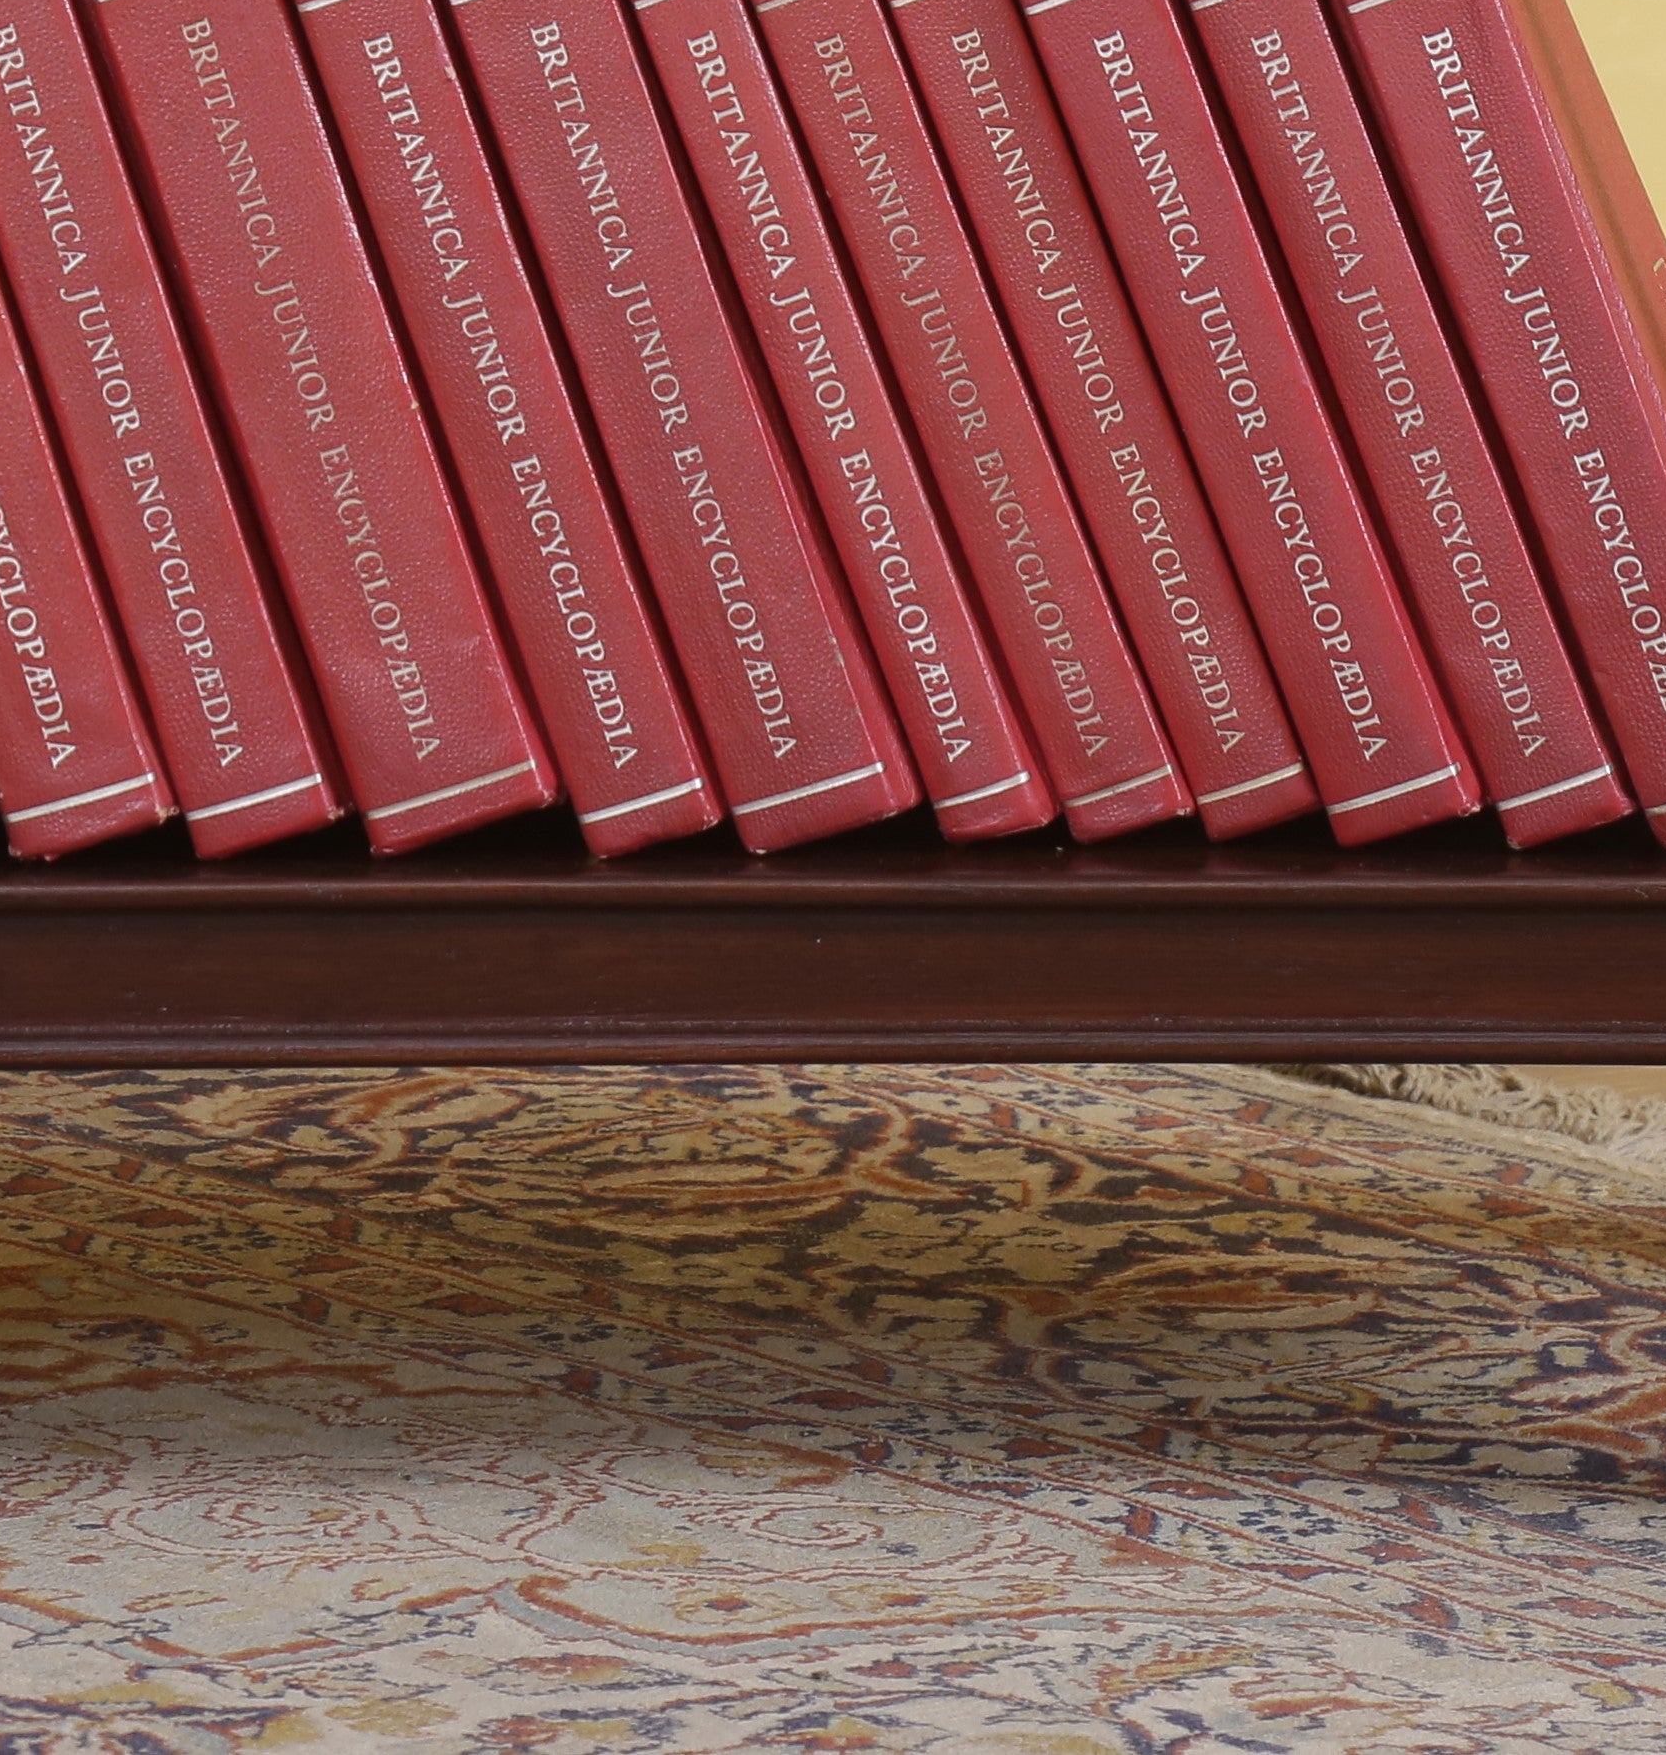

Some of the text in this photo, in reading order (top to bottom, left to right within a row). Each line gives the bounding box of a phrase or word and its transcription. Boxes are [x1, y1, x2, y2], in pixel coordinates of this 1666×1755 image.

[60, 286, 140, 439] JUNIOR
[124, 451, 243, 767] ENCYCLOPÆDIA
[181, 18, 440, 761] BRITANNICA JUNIOR ENCYCLOPÆDIA
[363, 32, 638, 769] BRITANNICA JUNIOR ENCYCLOPÆDIA
[530, 21, 797, 759] BRITANNICA JUNIOR ENCYCLOPÆDIA
[687, 30, 972, 763] BRITANNICA JUNIOR ENCYCLOPÆDIA
[814, 34, 1109, 757] BRITANNICA JUNIOR ENCYCLOPÆDIA
[951, 28, 1246, 753] BRITANNICA JUNIOR ENCYCLOPÆDIA
[1093, 30, 1387, 761] BRITANNICA JUNIOR ENCYCLOPÆDIA
[1250, 29, 1547, 757] BRITANNICA JUNIOR ENCYCLOPÆDIA
[1422, 27, 1530, 277] BRITANNICA
[1504, 287, 1589, 440] JUNIOR

### Exercise description
Copy every record above exactly as written, but leave out the pictures.

### Solution to this exercise
Some of the text in this photo, in reading order (top to bottom, left to right within a row). Each line gives the bounding box of a phrase or word and its transcription. Boxes are [x1, y1, x2, y2], in pixel coordinates of this 1666×1755 image.

[60, 286, 140, 439] JUNIOR
[124, 451, 243, 767] ENCYCLOPÆDIA
[181, 18, 440, 761] BRITANNICA JUNIOR ENCYCLOPÆDIA
[363, 32, 638, 769] BRITANNICA JUNIOR ENCYCLOPÆDIA
[530, 21, 797, 759] BRITANNICA JUNIOR ENCYCLOPÆDIA
[687, 30, 972, 763] BRITANNICA JUNIOR ENCYCLOPÆDIA
[814, 34, 1109, 757] BRITANNICA JUNIOR ENCYCLOPÆDIA
[951, 28, 1246, 753] BRITANNICA JUNIOR ENCYCLOPÆDIA
[1093, 30, 1387, 761] BRITANNICA JUNIOR ENCYCLOPÆDIA
[1250, 29, 1547, 757] BRITANNICA JUNIOR ENCYCLOPÆDIA
[1422, 27, 1530, 277] BRITANNICA
[1504, 287, 1589, 440] JUNIOR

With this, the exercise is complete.